• **Exercise requirements**
Repeat the data exactly as given below, dropping every picture.

*** Opening of Given records ***

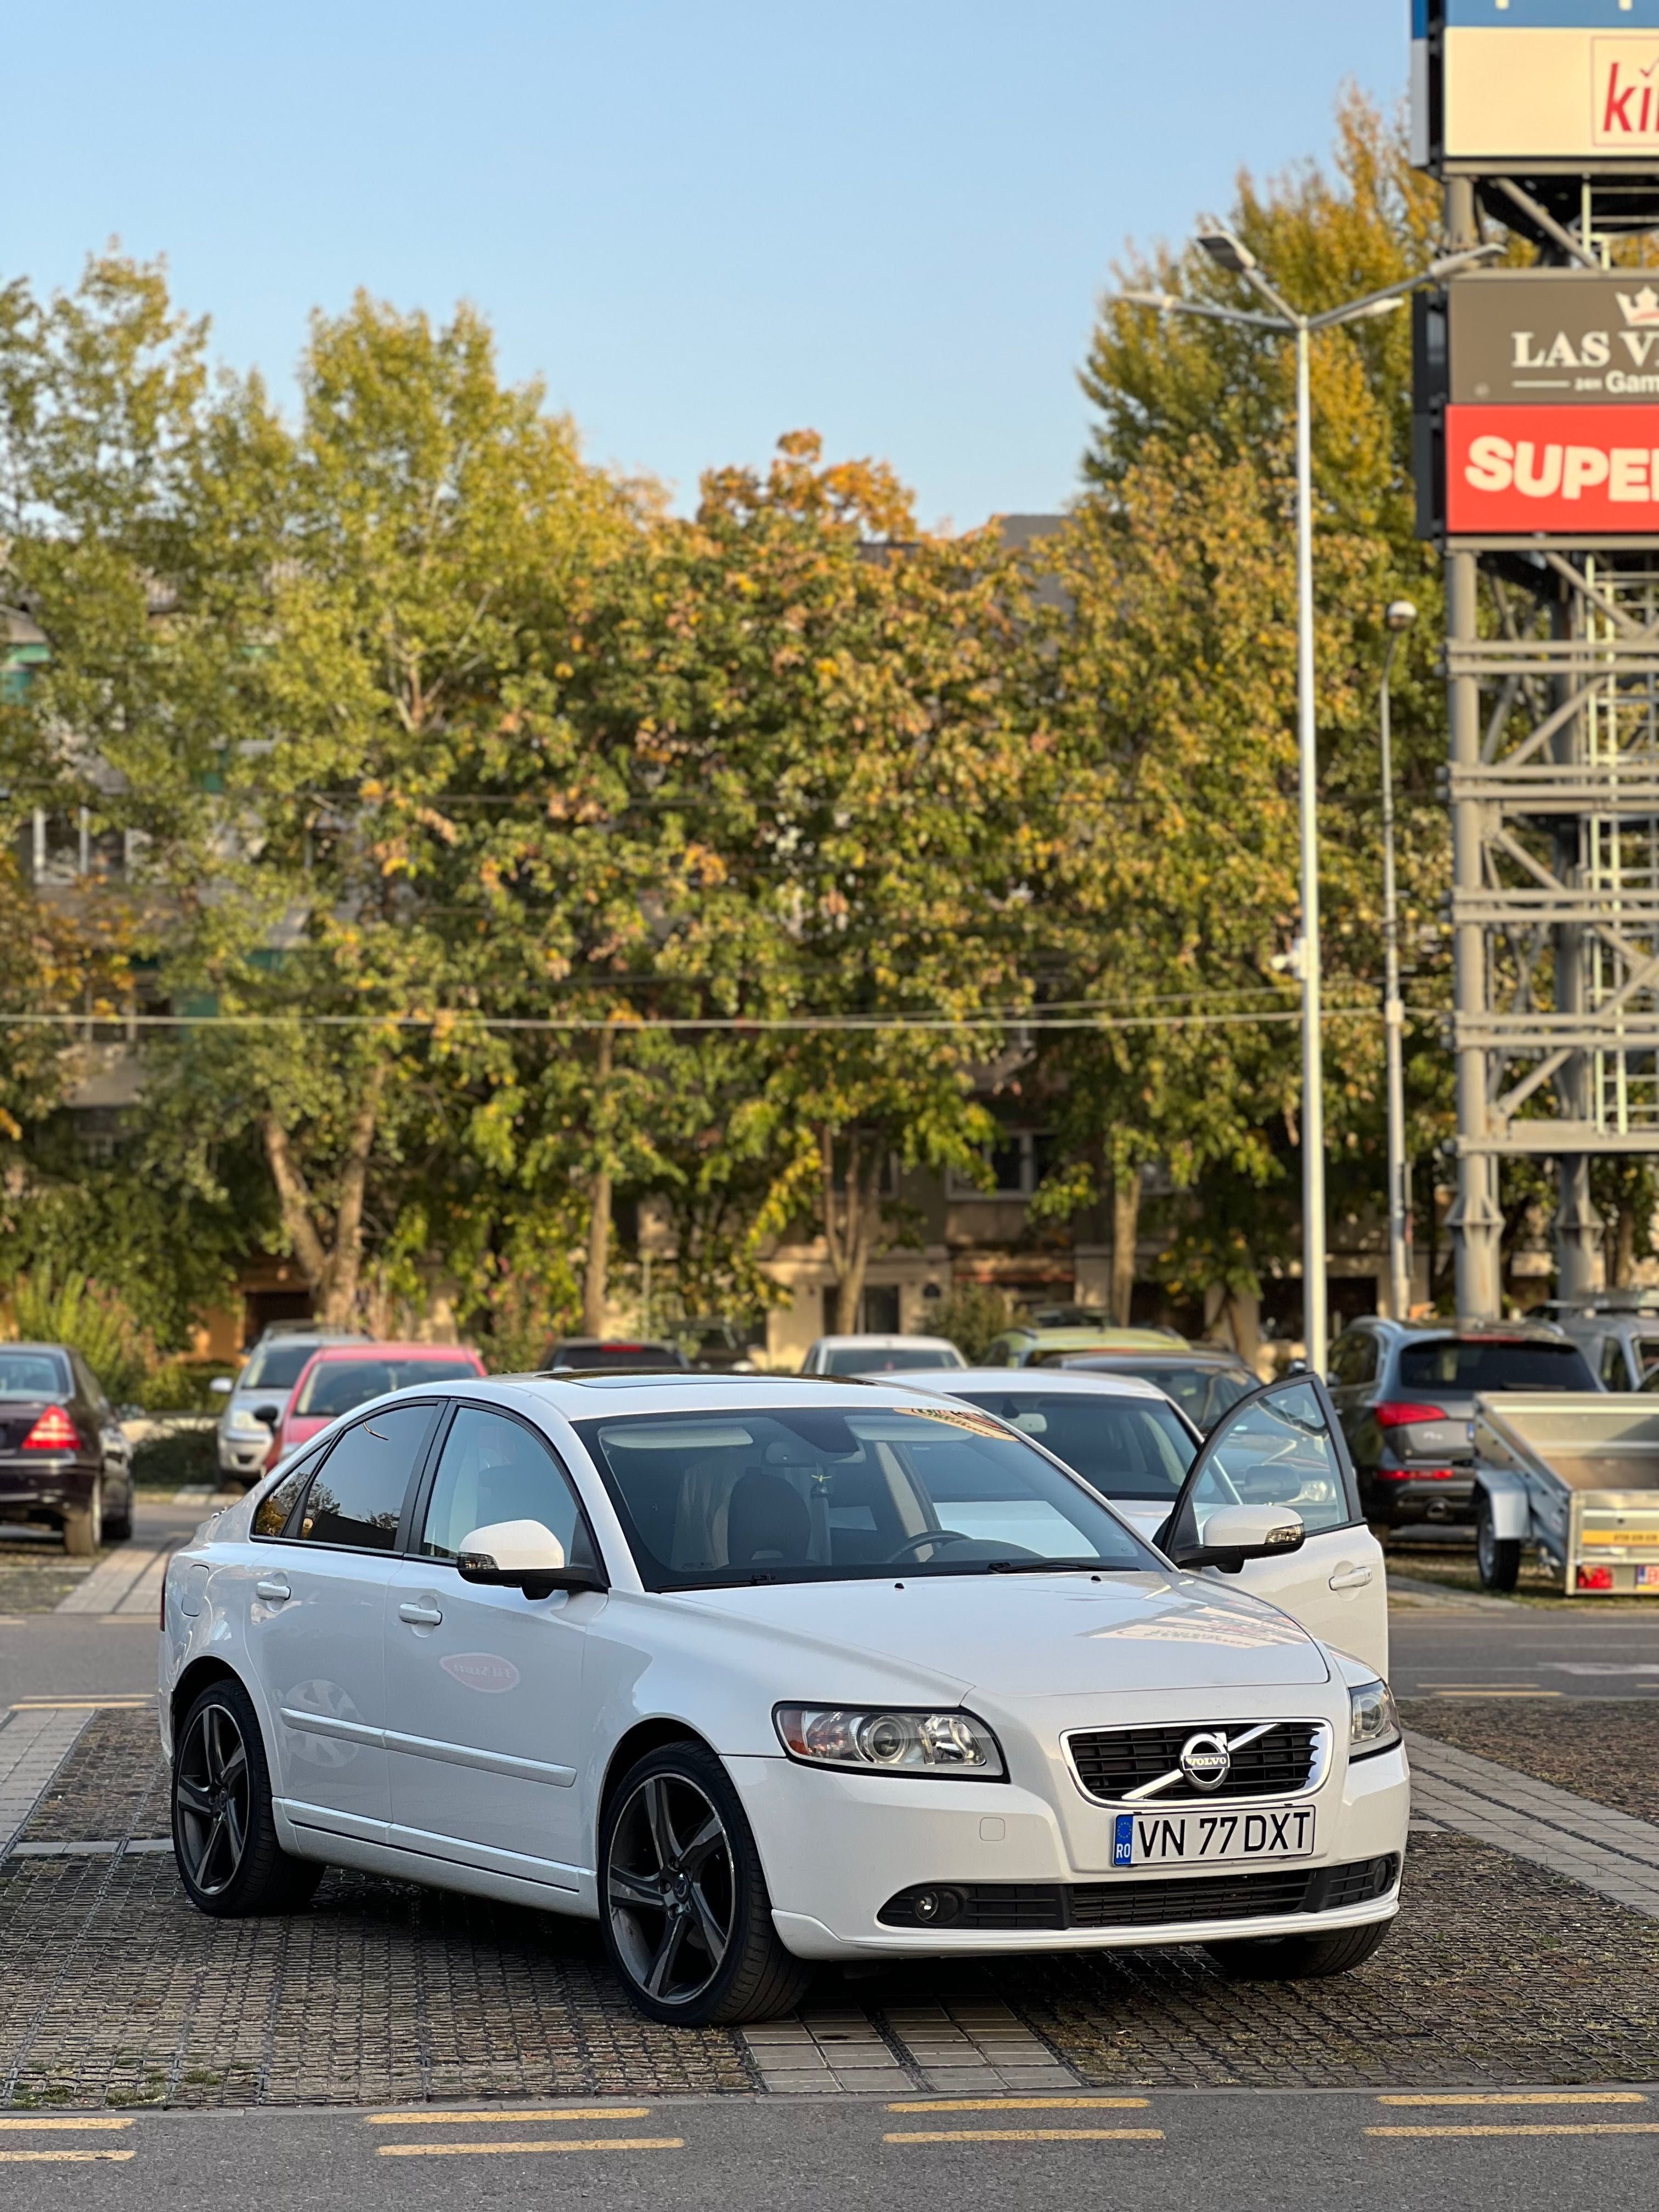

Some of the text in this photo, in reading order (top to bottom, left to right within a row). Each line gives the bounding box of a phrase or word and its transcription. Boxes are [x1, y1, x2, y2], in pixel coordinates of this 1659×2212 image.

[1604, 62, 1659, 132] ki
[1511, 331, 1659, 368] LAS V
[1464, 435, 1659, 502] SUPE
[1185, 1757, 1227, 1766] VOLVO
[1116, 1843, 1131, 1858] RO
[1138, 1812, 1310, 1858] VN 77 DXT

*** Close of Given records ***

• **Result**
Some of the text in this photo, in reading order (top to bottom, left to right within a row). Each line gives the bounding box of a phrase or word and its transcription. Boxes are [x1, y1, x2, y2], in pixel coordinates of this 1659×2212 image.

[1604, 62, 1659, 132] ki
[1511, 331, 1659, 368] LAS V
[1464, 435, 1659, 502] SUPE
[1185, 1757, 1227, 1766] VOLVO
[1116, 1843, 1131, 1858] RO
[1138, 1812, 1310, 1858] VN 77 DXT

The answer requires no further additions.